严格查对病人病情、麻醉机、监护仪、吸引器等,在抽药前还应清理麻醉工作台上可能剩余的麻醉药品、空针、生理盐水等,以免混淆。 麻黄碱、地塞米松、 肾上腺素、阿托品等均为1ml 安瓿,极易混淆,应特别小心。
病人情况是千变万化的,病人只要交到了麻醉医师手上,不管是否麻醉,都要对病人的安全负责,这就要求备急诊的麻醉医师不仅要有很强烈的应急意识,还要有充分的准备。例如有一例患者系上肢刀砍伤,需行臂丛麻醉,患者入室时生命体征尚平稳,在麻醉医师正在做准备时患者突发颠痫,牙关紧闭,口吐白沫,全身抽搐,呼吸抑制,幸好此时已开放静脉,麻醉药品已准备好,在给丙泊酚、司可林,面罩加压给氧后,很快病人转危为安。
在医疗操作中一定要规范,否则将增加失误率。具体应做到以下几点 。
一、在操作中应加强监测力度,最大限度地使用现有的监测设备。
对于一些硬膜外的病人,有的医师在使用综合监测仪的时候,往往只使用其中的无创血压和SpO2 ,而将心电监测闲置不用,实在是对资源的一种浪费。若做了有创血压监测,如不需要将其带回病房进一步监测,也至少应等拔完气管导管,患者循环平稳后再将其拔除,因为在拔管时,或者在搬动病人时仍有可能发生循环的剧烈波动,另外也有个别手术因为引流过多,在离开手术室前面临“二进宫”的危险,因此对已做有创血压监测的患者最好在离开手术室前最后拔除,有条件的也可带回病房继续监测。对于一些患高血压、心脏病的老年病人或俯卧位的病人应在麻醉前局麻下将动脉穿刺好。重危病人及长时间手术病人一定要导尿监测尿量。
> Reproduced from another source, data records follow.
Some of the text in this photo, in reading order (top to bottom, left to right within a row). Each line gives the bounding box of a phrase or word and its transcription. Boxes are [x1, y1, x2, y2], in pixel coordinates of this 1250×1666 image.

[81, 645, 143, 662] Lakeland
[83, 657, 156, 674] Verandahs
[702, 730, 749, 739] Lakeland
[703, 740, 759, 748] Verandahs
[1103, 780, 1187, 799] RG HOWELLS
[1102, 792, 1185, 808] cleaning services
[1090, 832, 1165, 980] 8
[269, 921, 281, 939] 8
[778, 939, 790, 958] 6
二、合理掌握麻醉深度 由于连台手术的不断增加,为提高效率及时拔管往往会减少手术中麻醉药物的使用量和过早的停药,但任何手术都应有一定的麻醉深度,过浅不利于安全且以增加应急反应为代价。不应完全以拔管时间的长短来衡量一台麻醉质量的好坏。在手术结束前患者不应出现呛咳、躁动,尤其是小儿、气道高反应患者、和高血压、心脏病患者。手术结束前可适当提前停用肌松药,但应加大丙泊酚的用量,使病人平稳度过拔管期同时又不过多浪费时间。
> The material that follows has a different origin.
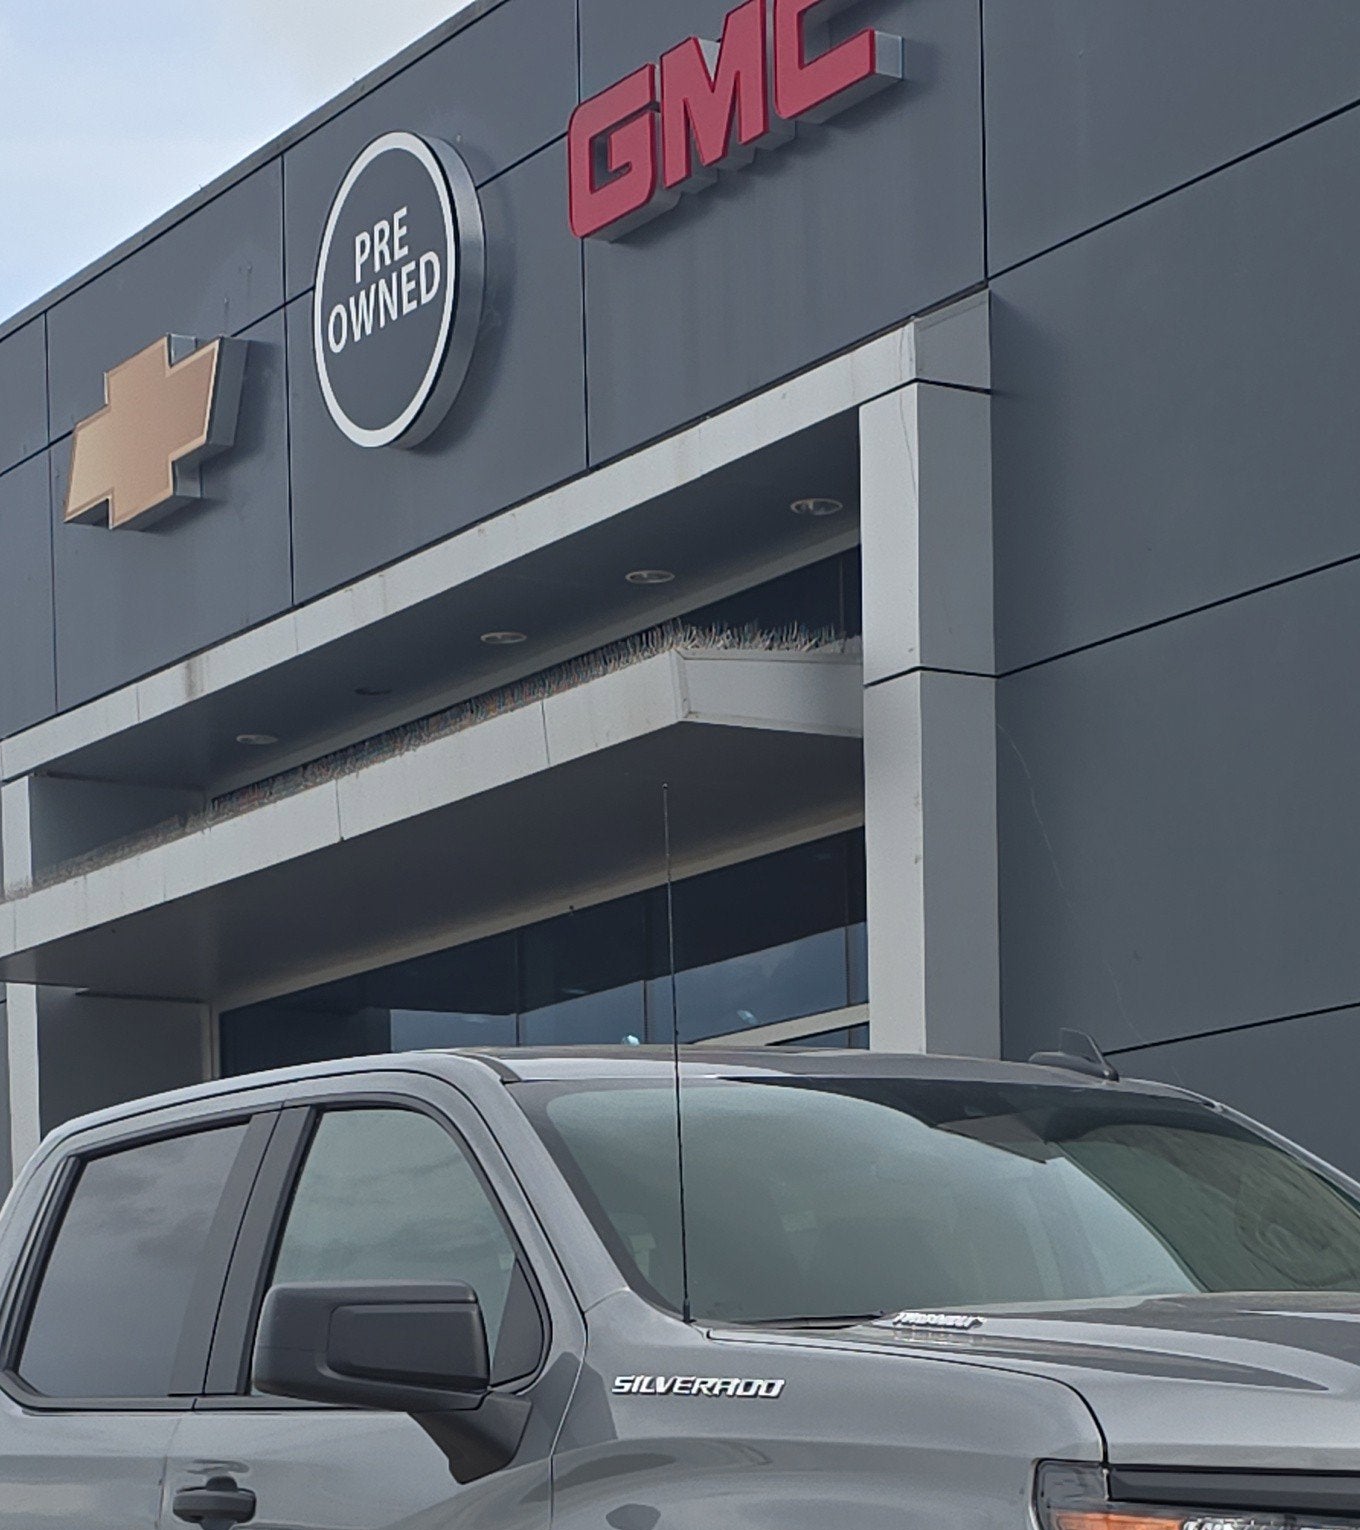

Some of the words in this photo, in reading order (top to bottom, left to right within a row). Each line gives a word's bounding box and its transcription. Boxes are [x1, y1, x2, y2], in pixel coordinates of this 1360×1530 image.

三、在体外循环的过程中尤其要注意和外科医师及灌注师的注重和外科医师、灌注医师等的沟通合作,例如有的医师在转流相当长的一段时间后尚不知道预充液的成分,因此也很难相信他能将病人的容量和内环境调控好;在体外循环中低血压的原因有很多,可能是流量的问题、手术操作的问题、内环境的问题、心功能的问题,也可能是麻醉深度的问题等,因此应具体问题具体分析,而不应该一个人独自去处理。在处理这样的问题时应考虑有无压迫心脏、大血管等操作,灌注师是否减流量或流量是否足够,然后再考虑心功能或血管张力等问题,适当调整血管活性药物浓度。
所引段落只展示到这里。